__Listed records__:
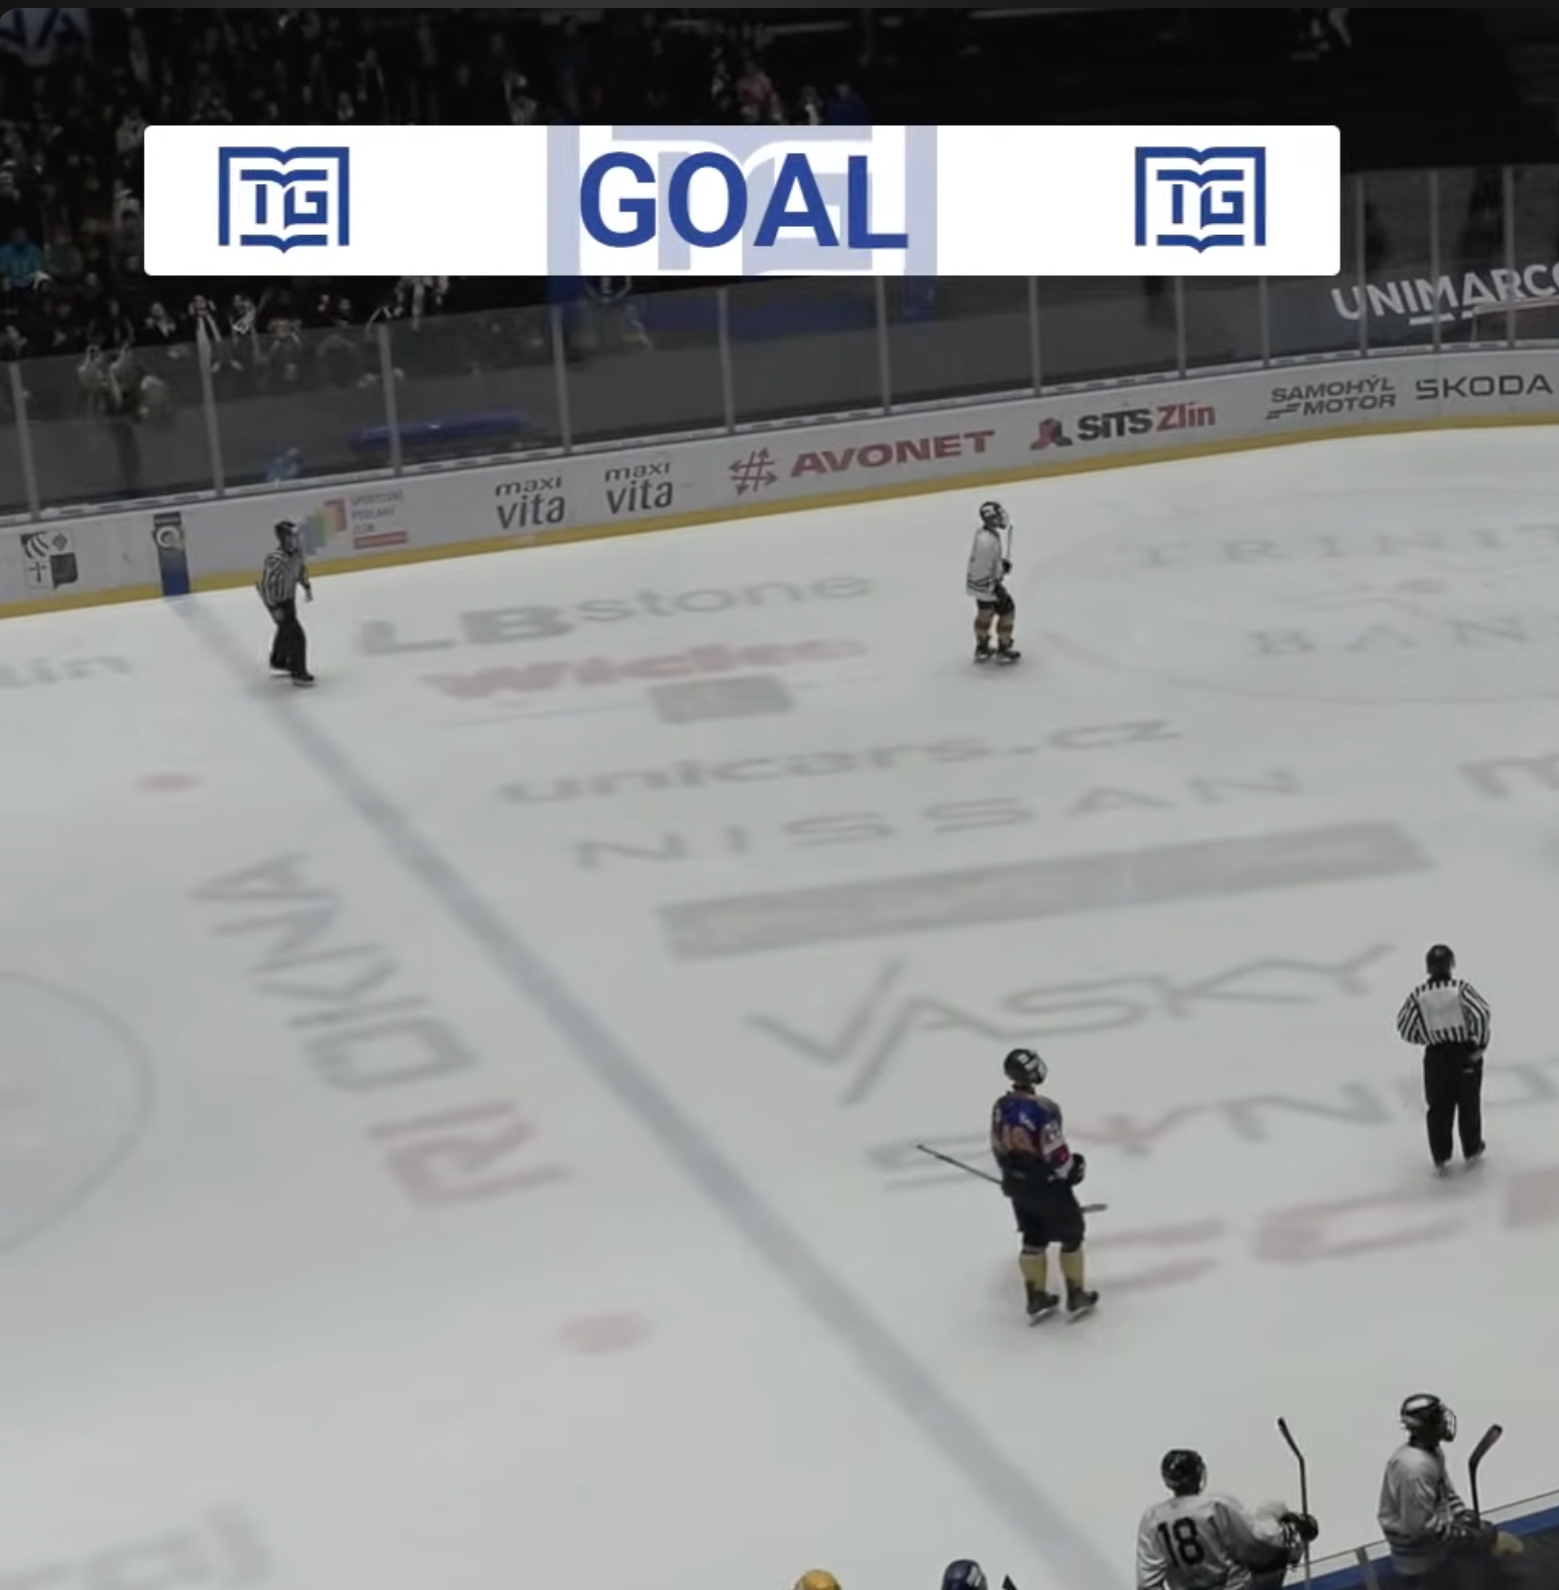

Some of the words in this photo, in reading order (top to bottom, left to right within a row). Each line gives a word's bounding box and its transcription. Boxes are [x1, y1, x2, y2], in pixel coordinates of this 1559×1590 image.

[1303, 395, 1396, 416] MOTOR
[605, 462, 671, 482] maxi
[790, 430, 995, 478] AVONET
[495, 476, 562, 496] maxi
[606, 479, 673, 515] vita
[496, 493, 566, 530] vita
[573, 768, 1304, 871] NISSAN
[748, 942, 1396, 1106] VASKY
[1156, 1515, 1205, 1568] 18
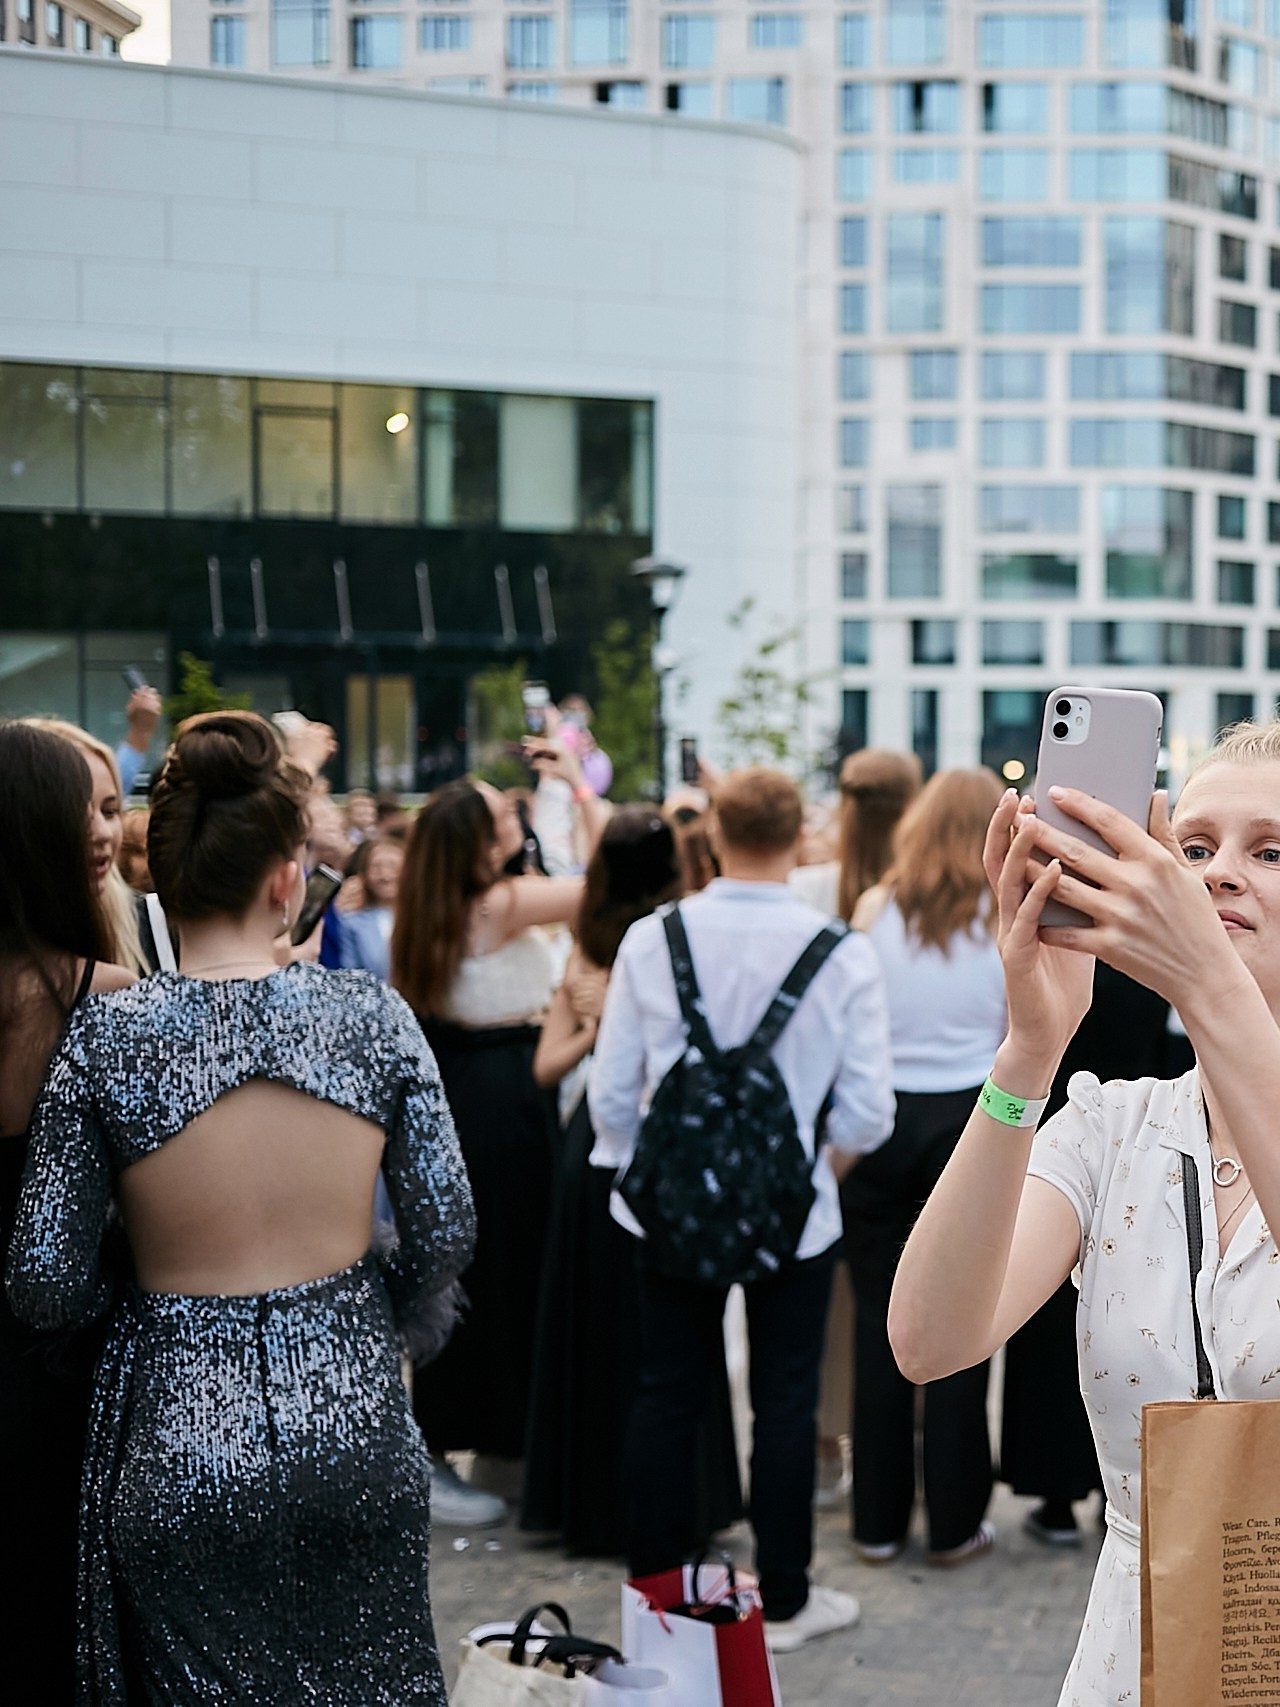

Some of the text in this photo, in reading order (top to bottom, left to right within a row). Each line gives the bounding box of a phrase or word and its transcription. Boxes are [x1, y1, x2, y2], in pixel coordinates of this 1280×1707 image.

[1222, 1521, 1243, 1531] Wear.
[1247, 1518, 1270, 1528] Care.
[1222, 1534, 1252, 1545] Tragen.
[1222, 1636, 1249, 1648] Neguj.
[1251, 1661, 1271, 1671] Sóc.
[1221, 1675, 1258, 1687] Recycle.
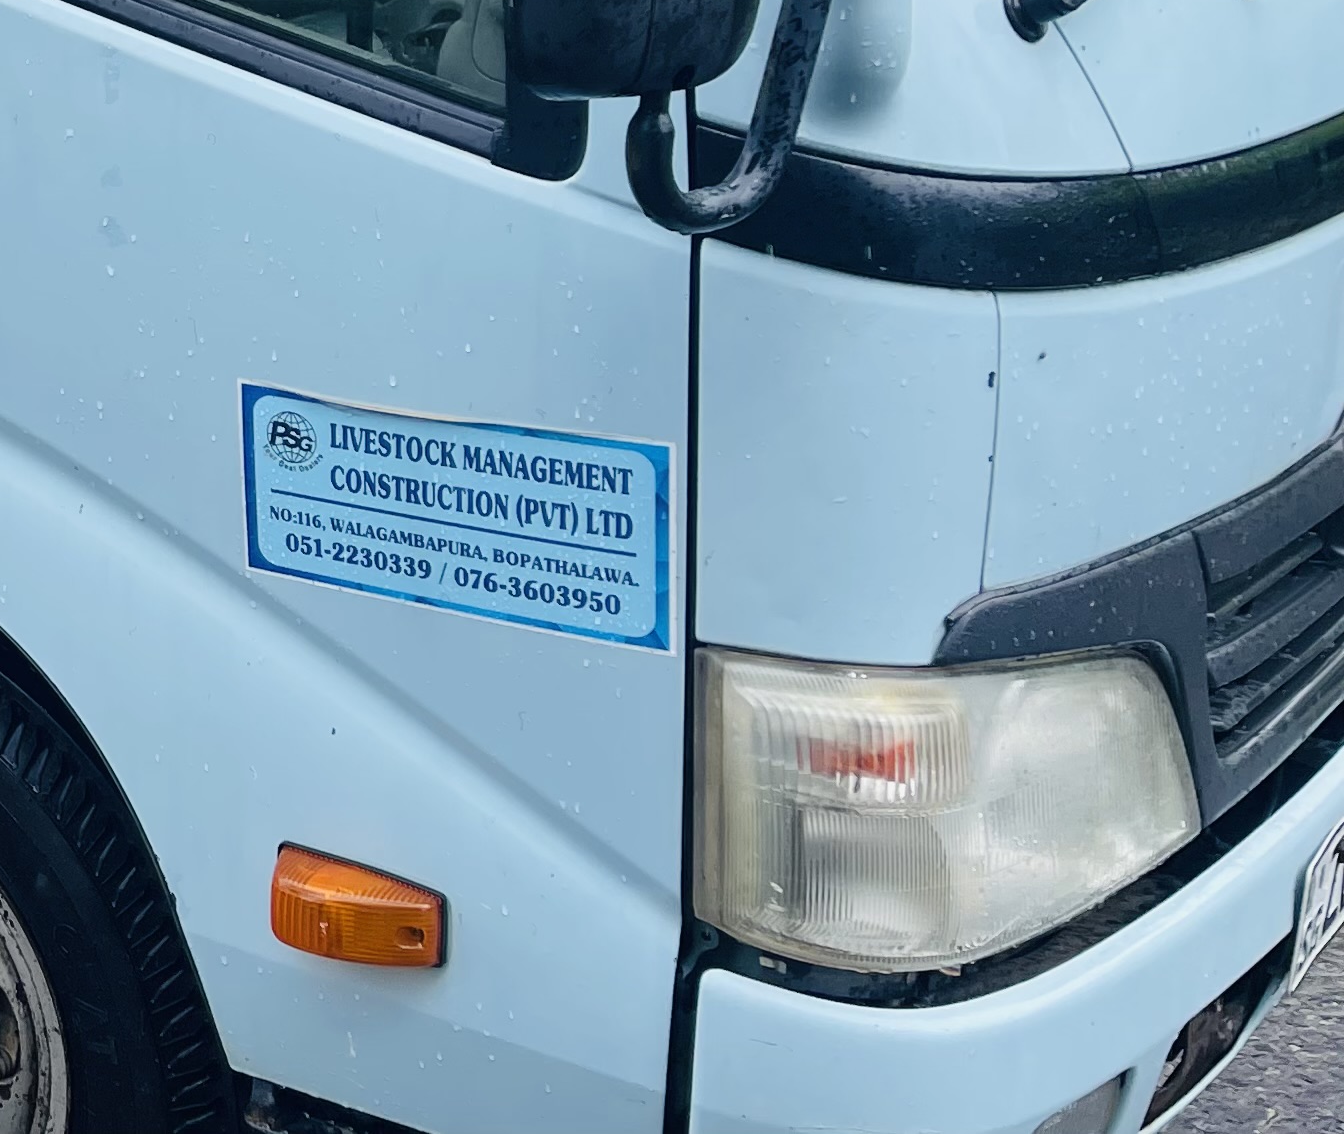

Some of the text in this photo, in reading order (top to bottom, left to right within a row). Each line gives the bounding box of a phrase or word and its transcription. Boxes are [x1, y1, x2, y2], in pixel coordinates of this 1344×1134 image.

[269, 421, 314, 451] PSG
[330, 422, 634, 496] LIVESTOCK MANAGEMENT
[330, 465, 633, 540] CONSTRUCTION (PVT) LTD
[269, 506, 640, 587] NO:116, WALAGAMBAPURA, BOPATHALAWA.
[285, 533, 432, 580] 051-2230339
[454, 567, 621, 615] 076-3603950
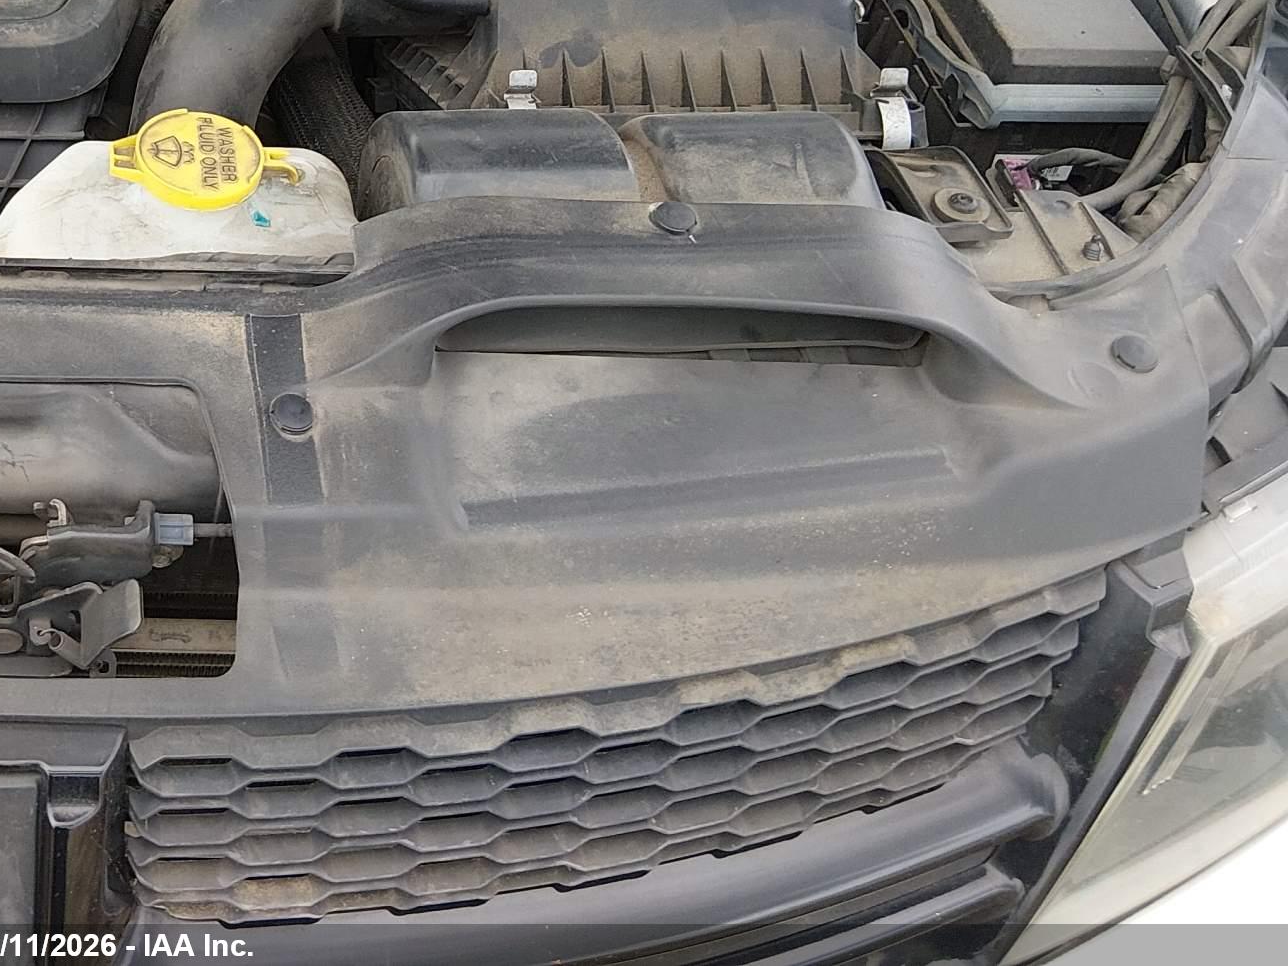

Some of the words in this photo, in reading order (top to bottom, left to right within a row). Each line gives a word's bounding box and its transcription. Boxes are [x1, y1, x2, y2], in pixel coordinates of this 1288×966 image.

[195, 116, 216, 155] FLUID
[199, 156, 220, 193] ONLY
[216, 126, 239, 185] WASHER

__Problem to work on__:
Output the line containing "this 1288×966 image." and each line after it through the close of the entries, unchanged and with no other lines.

__Reply__:
Some of the words in this photo, in reading order (top to bottom, left to right within a row). Each line gives a word's bounding box and its transcription. Boxes are [x1, y1, x2, y2], in pixel coordinates of this 1288×966 image.

[195, 116, 216, 155] FLUID
[199, 156, 220, 193] ONLY
[216, 126, 239, 185] WASHER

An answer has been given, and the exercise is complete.